Starting with Tiny Habits
(Adapted from B.J. Foggs’ Tiny Habits: The Small Changes that Change Everything)
Designing Your New Habit
- Treat the new behavior that you are building as a science project.
- To build a habit, you will be redesigning your environment to reduce the friction between you and the habit you are building.
- Design for simplicity and reliability.
- In behavior design, you are helping yourself do what you already want to do.
- Desire + Capacity/Ability + Anchor/Prompt/Cue: When these three elements converge at the same moment, a new habit can happen. All behavior is driven by these three elements.
- Motivation exists on a continuum, but prompts are black and white.
Start Simple
- Choose a behavior you want, make it tiny, find where it fits naturally in your life, and nurture its growth.
- If you want a habit to grow big, you need to start small and simple. Changes that initially seem small and unimportant will compound with remarkable results if you’re willing to stick with them.
- At first, these tiny routines seem insignificant, but soon they build on each other and fuel bigger wins that multiply to a degree that far outweighs the cost of their initial investment. They are both small and mighty.
Start Easy and Tiny
- How might I make this behavior easier to enact?
- By going tiny, you create consistency.
- No matter how much you want to cultivate a healthy habit, you won’t be able to do it reliably if you start big. Tiny allows you to start right now.

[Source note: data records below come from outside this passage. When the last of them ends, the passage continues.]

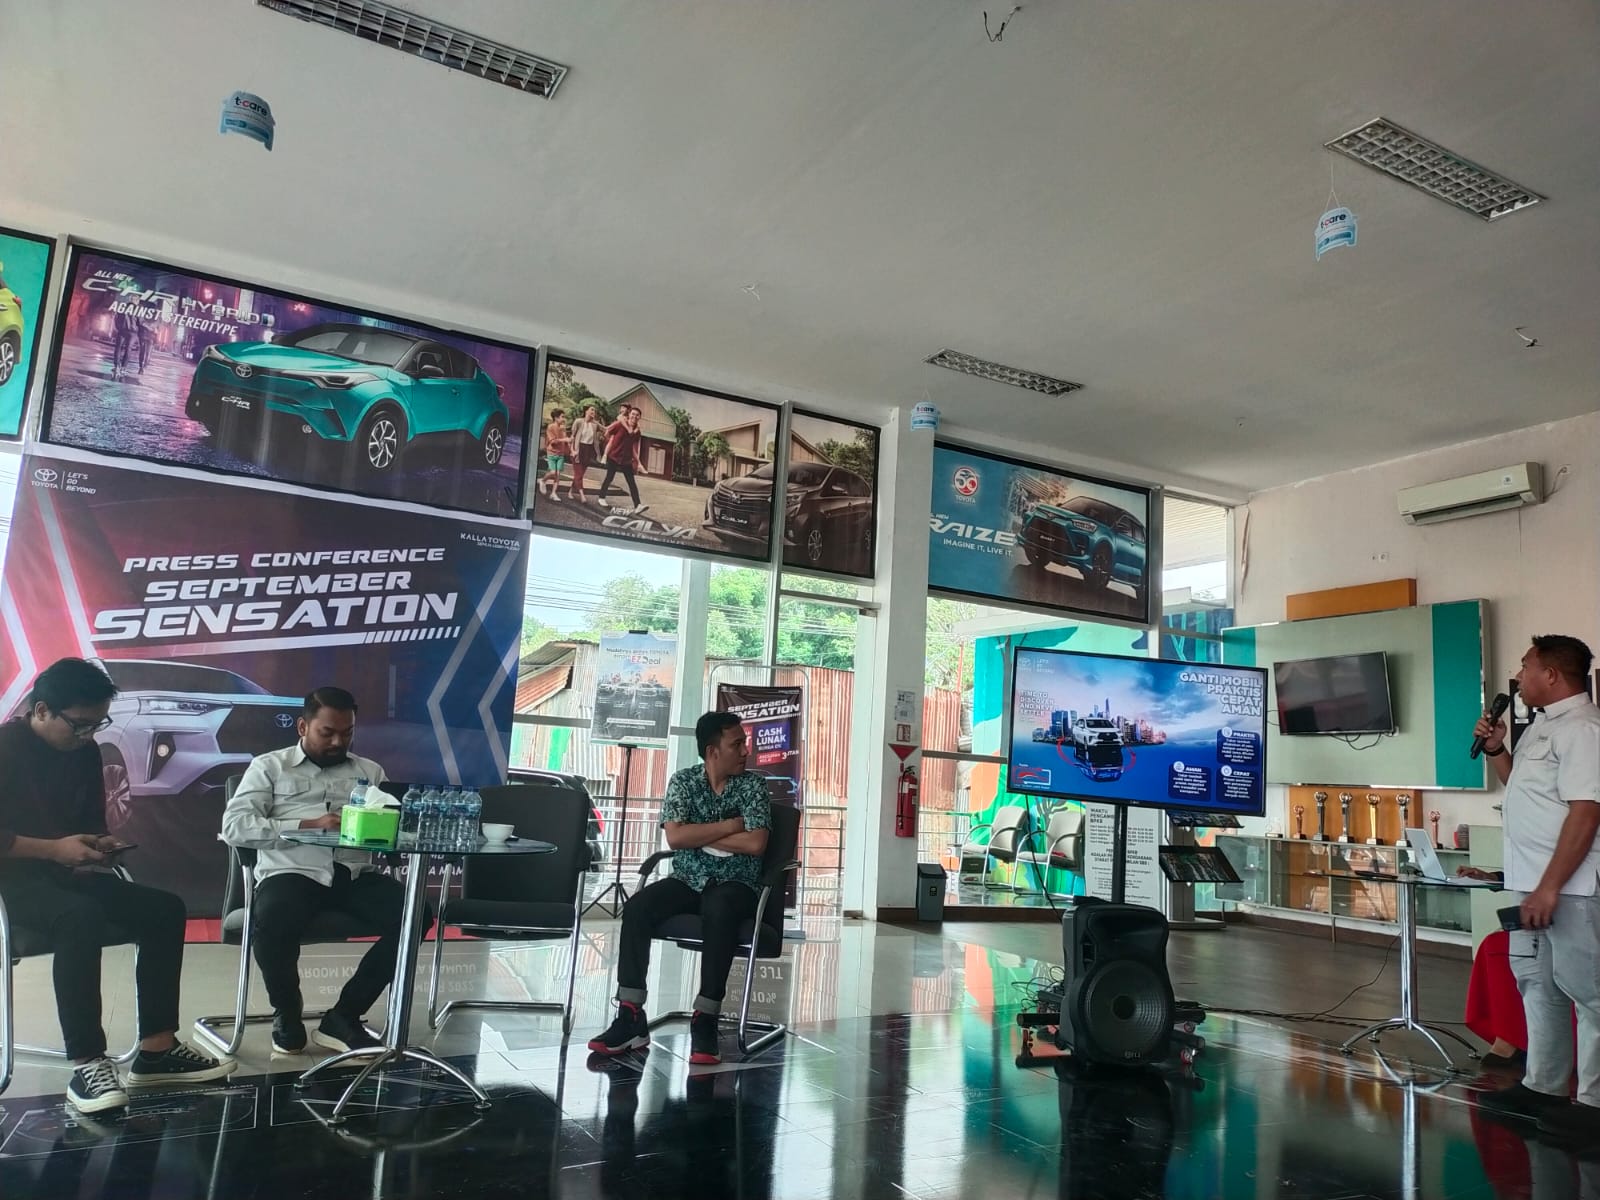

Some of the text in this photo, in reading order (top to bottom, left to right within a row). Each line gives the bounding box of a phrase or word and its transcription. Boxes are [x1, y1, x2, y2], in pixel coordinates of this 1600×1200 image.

[94, 270, 135, 282] ALL NEW
[108, 301, 239, 337] AGAINST STEREOTYPE
[67, 471, 89, 480] LET'S
[31, 480, 58, 489] TOYOTA
[65, 485, 97, 495] BEYOND
[609, 506, 634, 516] NEW
[601, 515, 698, 540] CALYA
[929, 518, 1018, 546] RAIZE
[460, 532, 487, 543] KALLA
[488, 536, 520, 547] TOYOTA
[943, 538, 976, 550] IMAGINE
[987, 546, 1004, 555] LIVE
[122, 547, 446, 573] PRESS CONFERENCE
[144, 571, 412, 602] SEPTEMBER
[90, 592, 459, 642] SENSATION
[1180, 672, 1262, 688] GANTI MOBIL
[1207, 684, 1261, 697] PRAKTIS
[727, 699, 789, 713] SEPTEMBER
[1221, 695, 1261, 707] CEPAT
[732, 703, 801, 719] NSATION
[1222, 704, 1261, 716] AMAN
[758, 726, 783, 737] CASH
[756, 734, 787, 746] LUNAK

- Make the behavior so tiny that you don’t need much motivation.
- The easier the behavior is to enact, the more likely the behavior will become a habit.

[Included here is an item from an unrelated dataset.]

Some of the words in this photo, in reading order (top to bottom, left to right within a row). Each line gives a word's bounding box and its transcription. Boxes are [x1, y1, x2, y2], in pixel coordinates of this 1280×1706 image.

- Ask yourself, what is making this daily routine hard to do and how can I make this behavior easier?
Anchors
- An anchor is something in your life that is already stable. You are attaching your new habit to something solid and reliable.
- Use the connectedness of behaviors to your advantage. The key is to tie your desired behavior onto something you already do each day.

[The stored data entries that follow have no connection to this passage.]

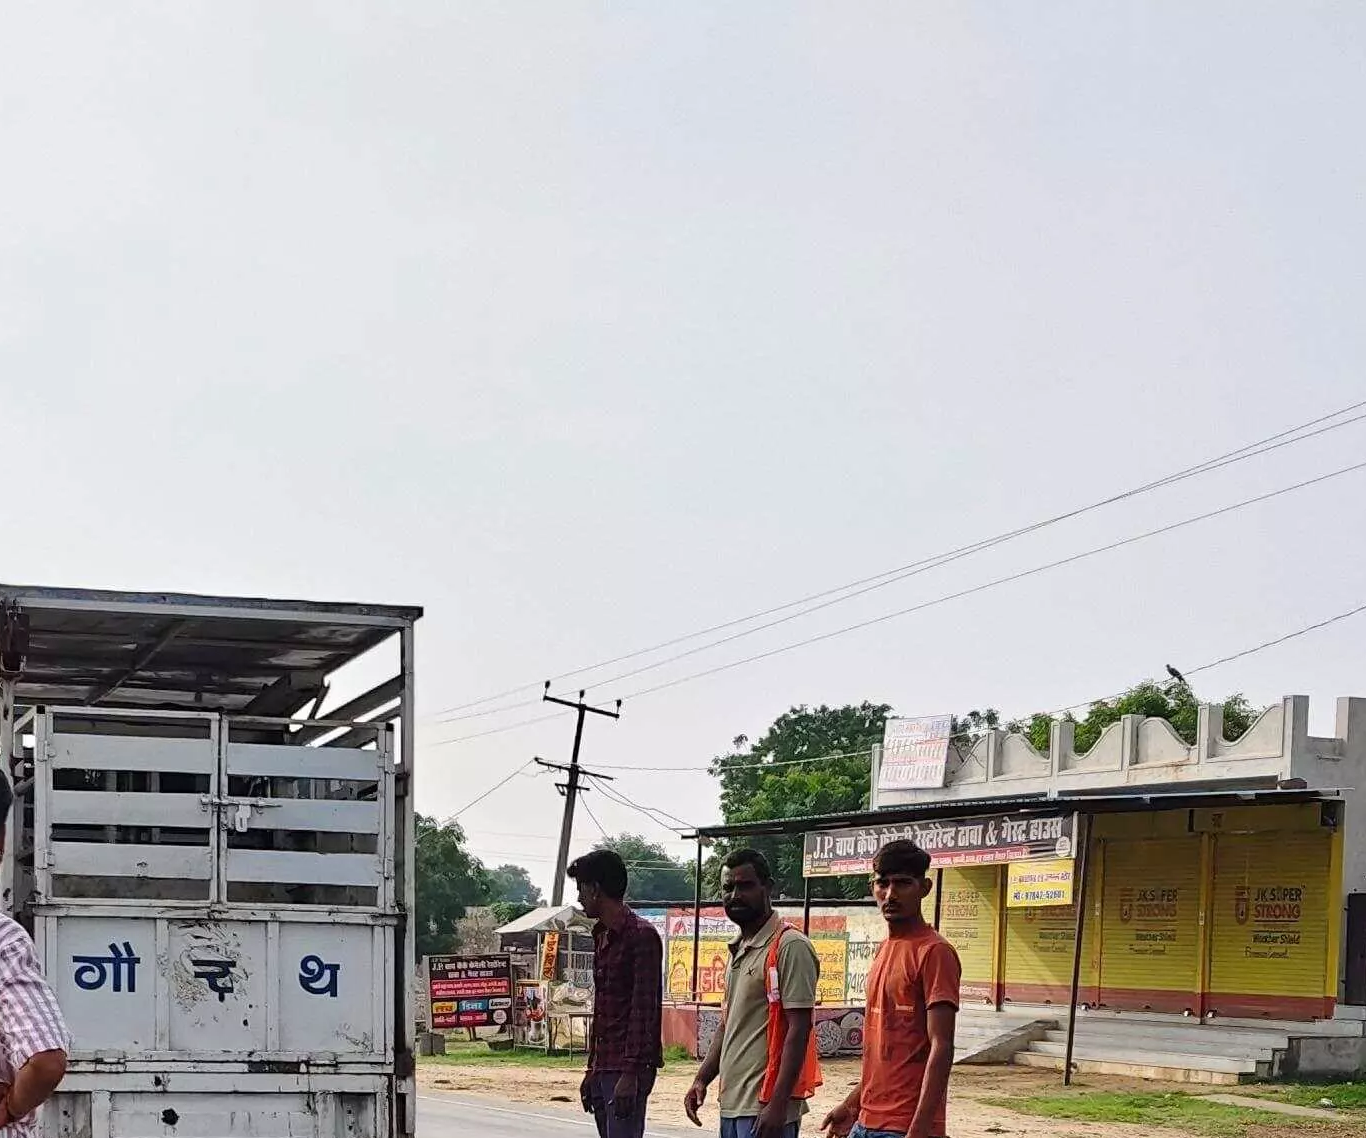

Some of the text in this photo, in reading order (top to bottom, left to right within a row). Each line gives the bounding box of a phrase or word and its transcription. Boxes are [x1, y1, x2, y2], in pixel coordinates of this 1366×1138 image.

[957, 825, 984, 847] ढाबा
[986, 820, 999, 846] &
[1001, 816, 1027, 843] गेस्ट
[1254, 887, 1268, 902] JK
[1254, 903, 1301, 919] STRONG

- Take advantage of the natural momentum that comes from one behavior leading to the next.
- The anchor moment reminds you to engage in the new, tiny behavior.
- Find a good prompt and make the behavior easier to do. Make it obvious and make it easy.
- The most common cues involve time and location: When situation X arises, I will perform response Y.
- No behavior happens without a prompt. Prompts are the cues that remind us to act—the spark that lights the fire.
- Do the tiny behavior immediately after the anchor moment.
- With a sturdy anchor you not relying on yourself or anyone else to remind you. You’re not overwhelmed with a variety of prompts. Your day-to-day life is the prompt.
- Habit-stacking is using a cue in a highly specific and immediately actionable way.
-
- Alarm goes off
- Get out of bed and stretch and do three squats
- Shower
- Brush teeth
- Get dressed
- Brew coffee and while it brews drink 8 ounces of water
- Prepar and eat breakfast
- Take kids to school
- Drive to work, but park in the far end of the parking lot
Be on Your Own Team
- When you “obey” the prompt and engage in the “tiny behavior,” celebrate! Give yourself credit.
- Don’t engage in “self-trash talk.”
- If you don’t perfectly follow through on the identified prompts, clarify and sharpen the context and the anchor.
- Think through how you might make the behavior easier to do.
Suggestions for Further Reading
James Clear—Atomic Habits, 2018.
B.J. Fogg—Tiny Habits: The Small Changes that Change Everything, 2020.
James K.A. Smith—You Are What You Love: The Spiritual Power of Habit, 2016.
W. Wood—Good Habits: The Science of Making Positive Changes Stick, 2019.